For instance, Singaporean sovereign wealth fund GIC has reportedly invested in crypto exchange Coinbase’s 2018 fundraising round, while Korea’s state-run National Pension Service (NPS) reportedly had exposure to several cryptocurrency exchanges. 


“Some may ask, what’s the difference between an ESG bond and a normal bond? The underlying [idea] is the same: it’s a bond."
- Benjamin Soh, managing director of STACS


Digital bonds, which allow the inclusion of ESG factors, have also been rising in popularity since the World Bank issued the first blockchain bond in 2018 for A$110 million ($83 million). That deal gained institutional investors including the Commonwealth Bank of Australia, which was also the bond’s arranger, plus First State Super, the New South Wales Treasury Corporation and Northern Trust. 

Further developments in this space are afoot.

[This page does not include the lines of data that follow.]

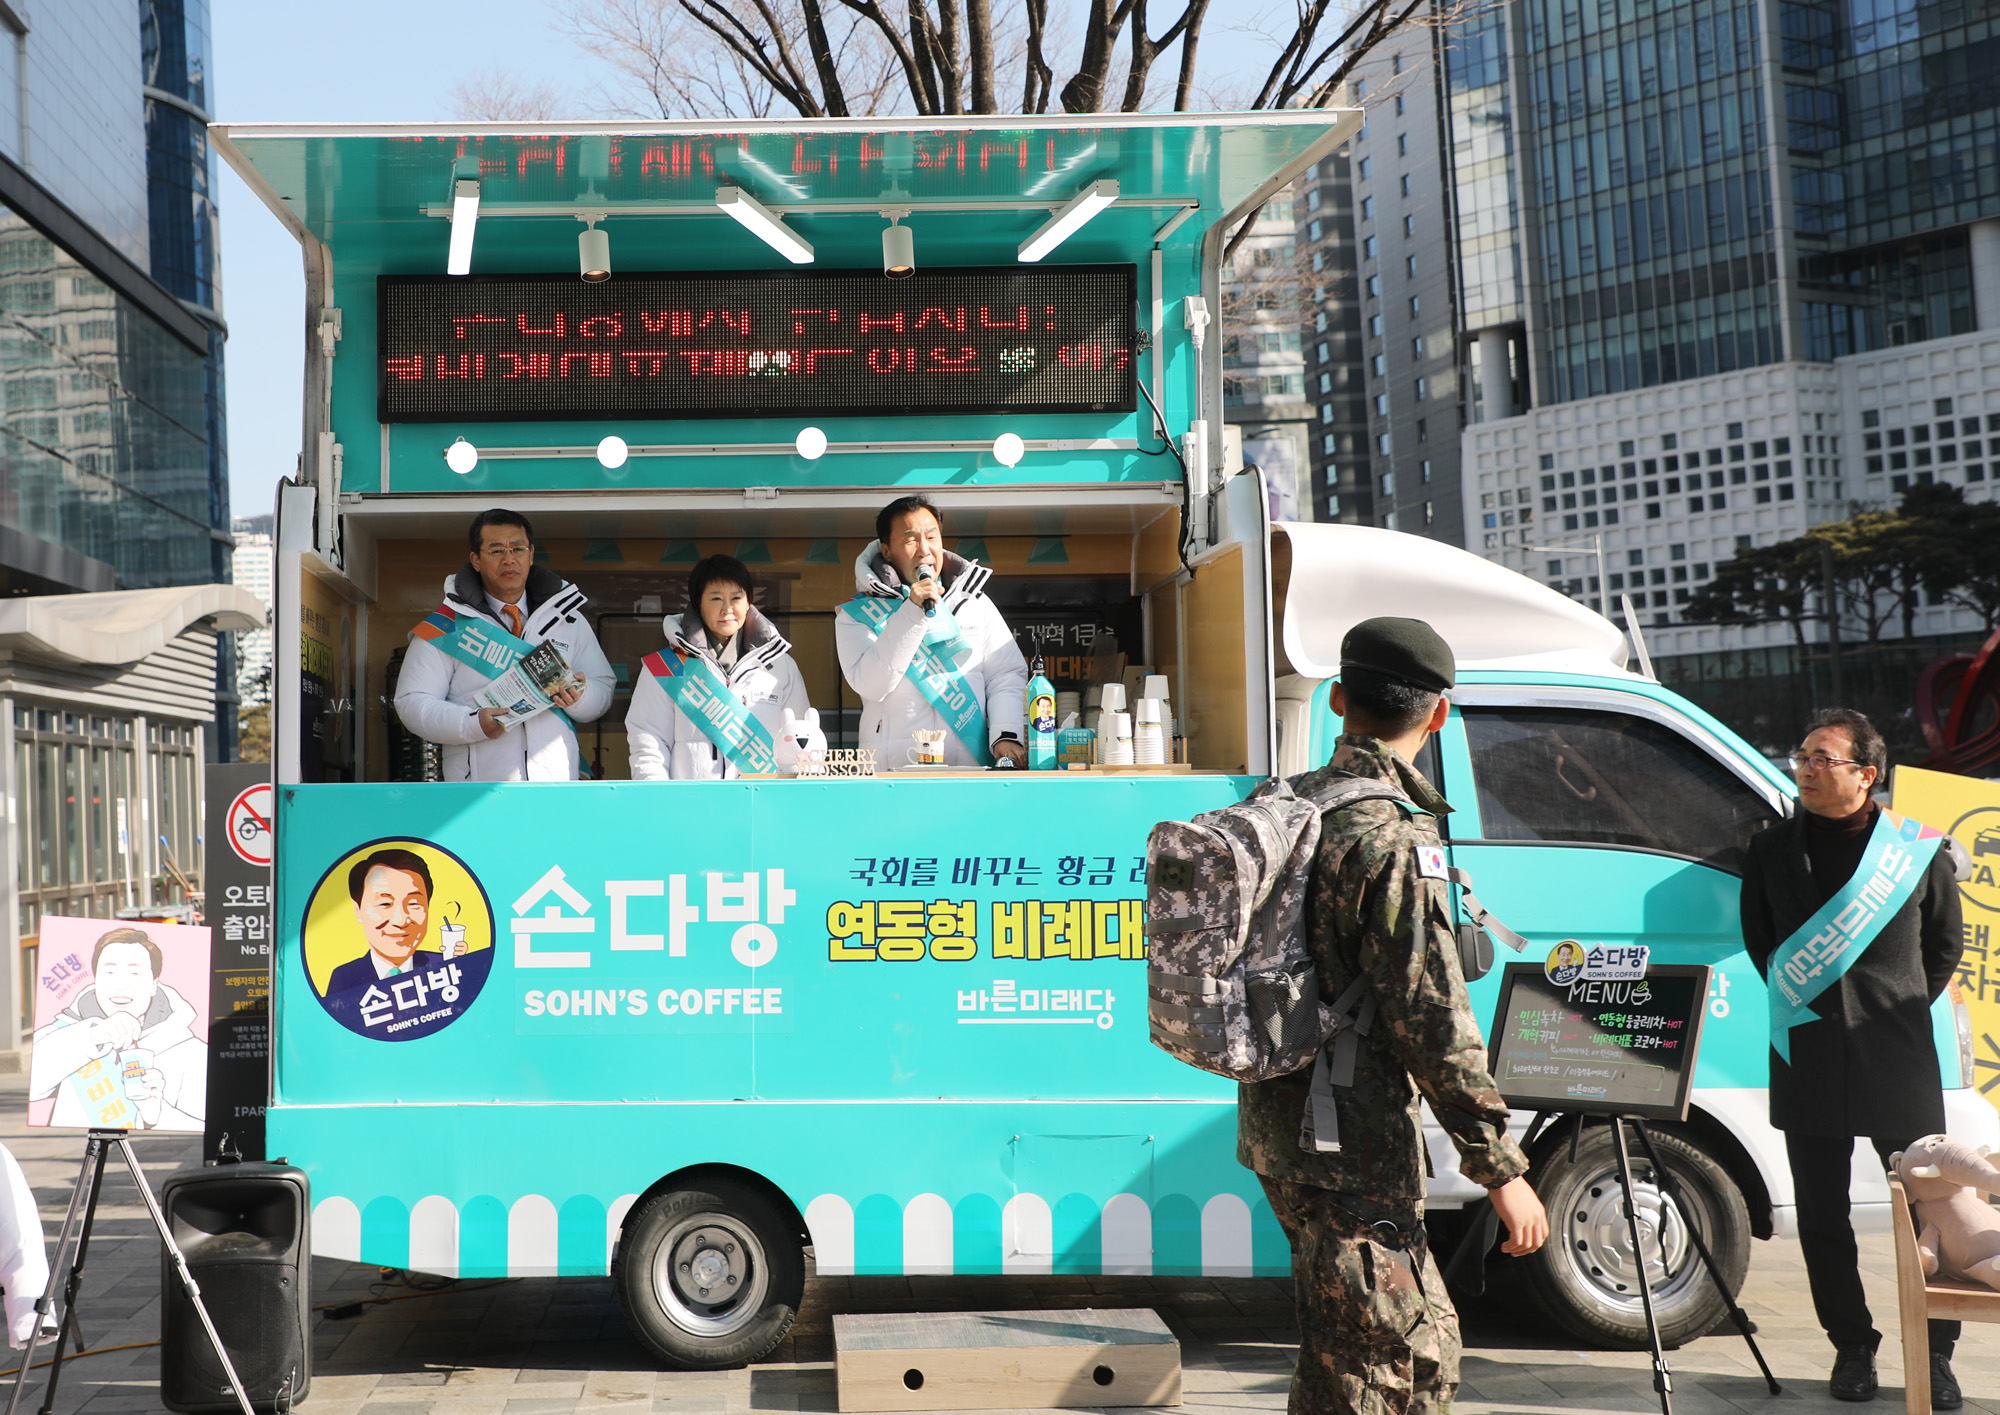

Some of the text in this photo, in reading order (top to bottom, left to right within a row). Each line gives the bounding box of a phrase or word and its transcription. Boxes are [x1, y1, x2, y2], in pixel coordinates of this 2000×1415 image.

[810, 749, 877, 762] CHERRY
[849, 857, 939, 886] 국회를
[951, 857, 1043, 886] 바꾸는
[1056, 855, 1116, 886] 황금
[223, 885, 270, 907] 오토
[510, 864, 797, 968] 손다방
[1784, 842, 1913, 986] 바른미래당
[223, 914, 270, 941] 출입
[827, 899, 1149, 961] 연동형 비례대
[241, 945, 257, 955] No
[1587, 947, 1647, 968] 손다방
[42, 953, 83, 992] 손다방
[359, 963, 463, 1028] 손다방
[657, 988, 782, 1015] COFFEE
[1568, 982, 1631, 1003] MENU
[420, 1007, 453, 1024] COFFEE
[957, 980, 1115, 1030] 바른미래당
[1519, 1010, 1565, 1027] 민심녹차
[1667, 1020, 1683, 1029] HOT
[1592, 1033, 1679, 1049] 비례대표 코코아 HOT

In September 2020, Singapore state investor Temasek Holdings, along with HSBC and the Singapore Exchange, jointly piloted one of Asia’s first digital bonds for commodities trader Olam International, pricing S$400 million ($303 million) of the debt.

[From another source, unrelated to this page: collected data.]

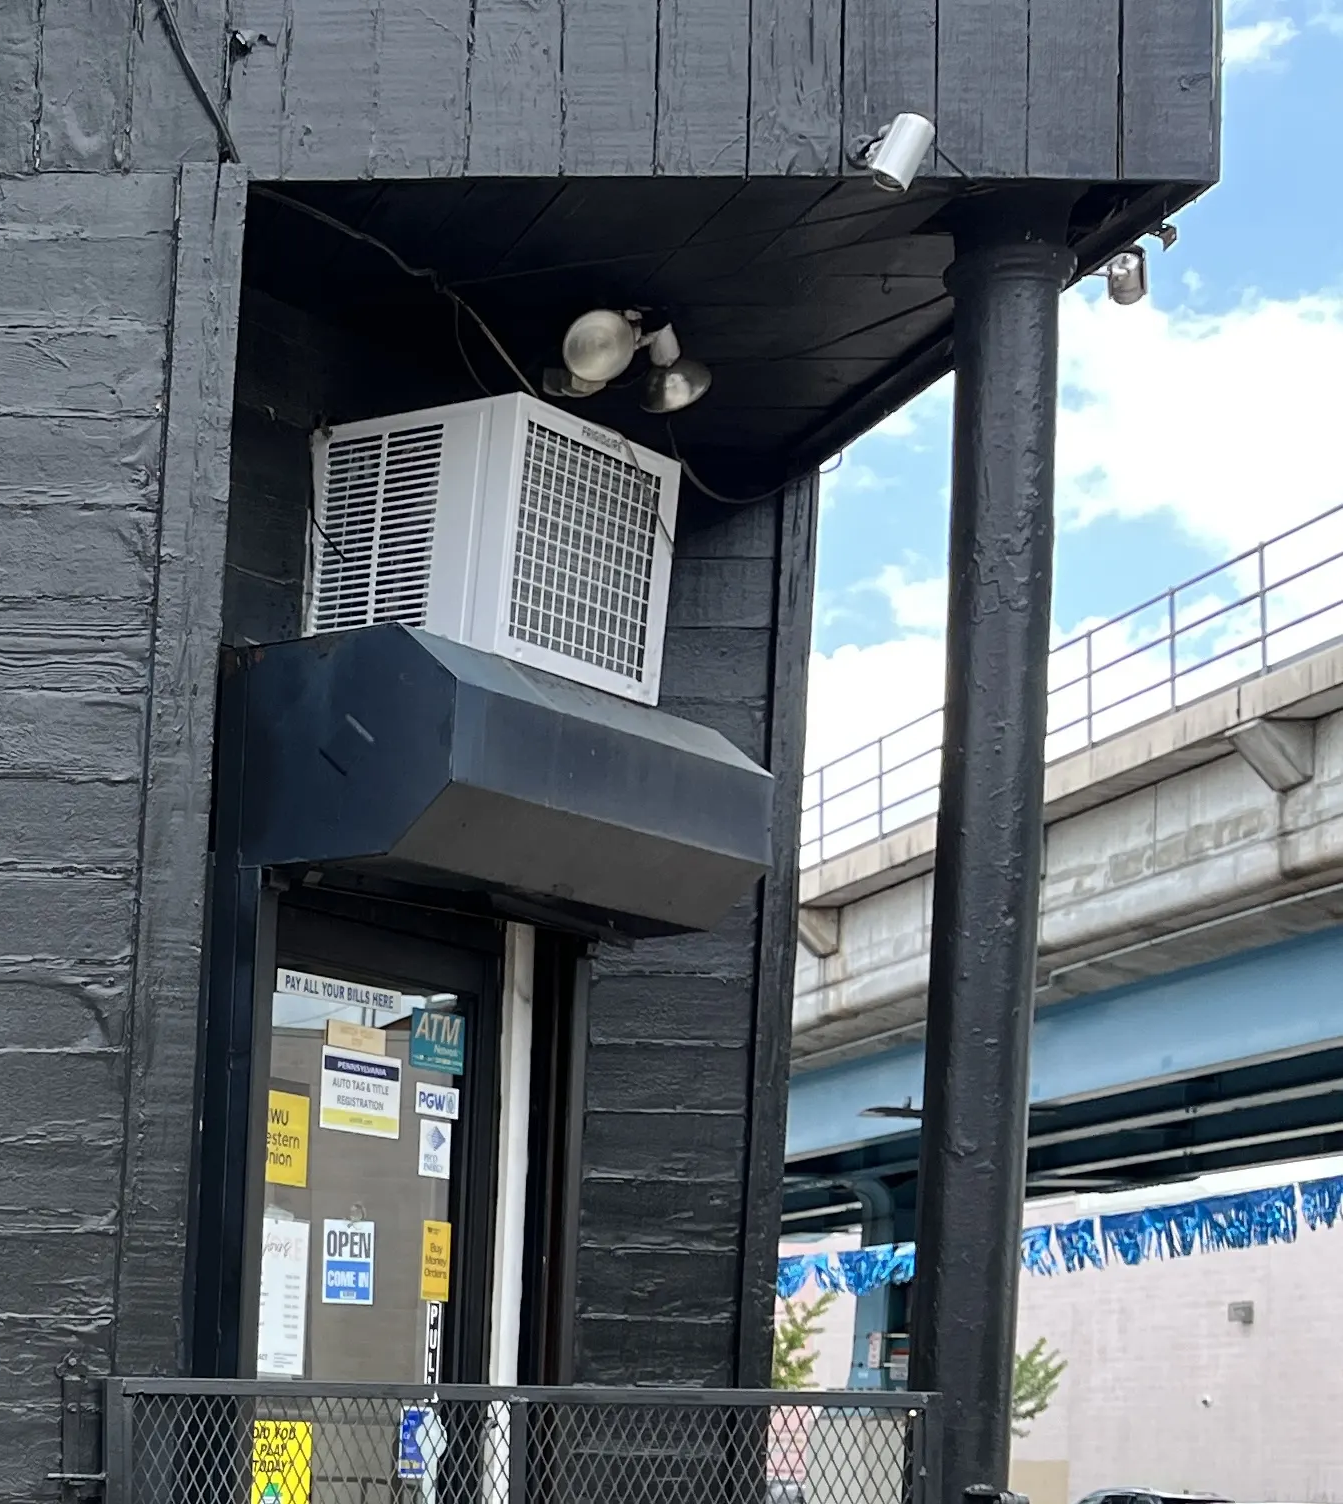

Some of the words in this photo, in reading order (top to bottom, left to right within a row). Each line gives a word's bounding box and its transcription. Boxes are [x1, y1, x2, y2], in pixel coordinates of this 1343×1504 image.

[285, 975, 301, 990] PAY
[304, 978, 319, 994] ALL
[322, 981, 344, 999] YOUR
[348, 987, 370, 1004] BILLS
[372, 992, 393, 1009] HERE
[415, 1012, 461, 1046] ATM
[337, 1061, 387, 1077] PENNSYLVANIA
[332, 1077, 350, 1090] AUTO
[352, 1080, 366, 1092] TAG
[373, 1083, 389, 1096] TITLE
[337, 1094, 384, 1111] REGISTRATION
[419, 1091, 445, 1111] PGW
[266, 1131, 300, 1149] estern
[266, 1147, 292, 1167] nion
[327, 1230, 371, 1258] OPEN
[430, 1243, 443, 1256] Buy
[425, 1254, 447, 1268] Money
[327, 1270, 356, 1288] COME
[358, 1272, 369, 1288] IN
[424, 1268, 447, 1279] Orders

Digital bonds are created with blockchain technology, which allows issuers to include smart contracts that are programmed to automatically include ESG-friendly factors and exclude carbon-intensive ones, for example. 

A recent partnership between Germany’s Deutsche Bank and Singapore fintech company STACS led to the completion of a proof-of-concept using distributed ledger technology (DLT) to enhance end-to-end bonds lifecycle management. 

The project was developed to ease the handling of digital assets, improve their ESG transparency, and enable smart contract issuances. 

“Some may ask, what’s the difference between an ESG bond and a normal bond? The underlying [idea] is the same: it’s a bond. But there are certain functions or features that we can programme into the smart contract to ensure that the ESG bond is really paying process to ESG use cases,” Benjamin Soh, managing director of Singapore fintech firm STACS, told AsianInvestor.

SUSTAINABILITY SPREAD

“We could also programme the smart contract to have the bond function with financial incentives. So, if KPIs are met, we could decrease interest rates as a financial incentive to the corporates,” he said.

Investors might well not like this, as it would effectively reduce their returns on the deals. But Soh believes this would only be a short-term issue. 

“In the short run, there’s this question about profitability and sustainability, but in the medium term that’s not going to be a choice at all. Because of regulations, because of the way the world is moving, everybody will be focused on sustainability. If a company is not sustainable, as an investor or as a company, then people will not buy their goods, people will not invest in them,” he said.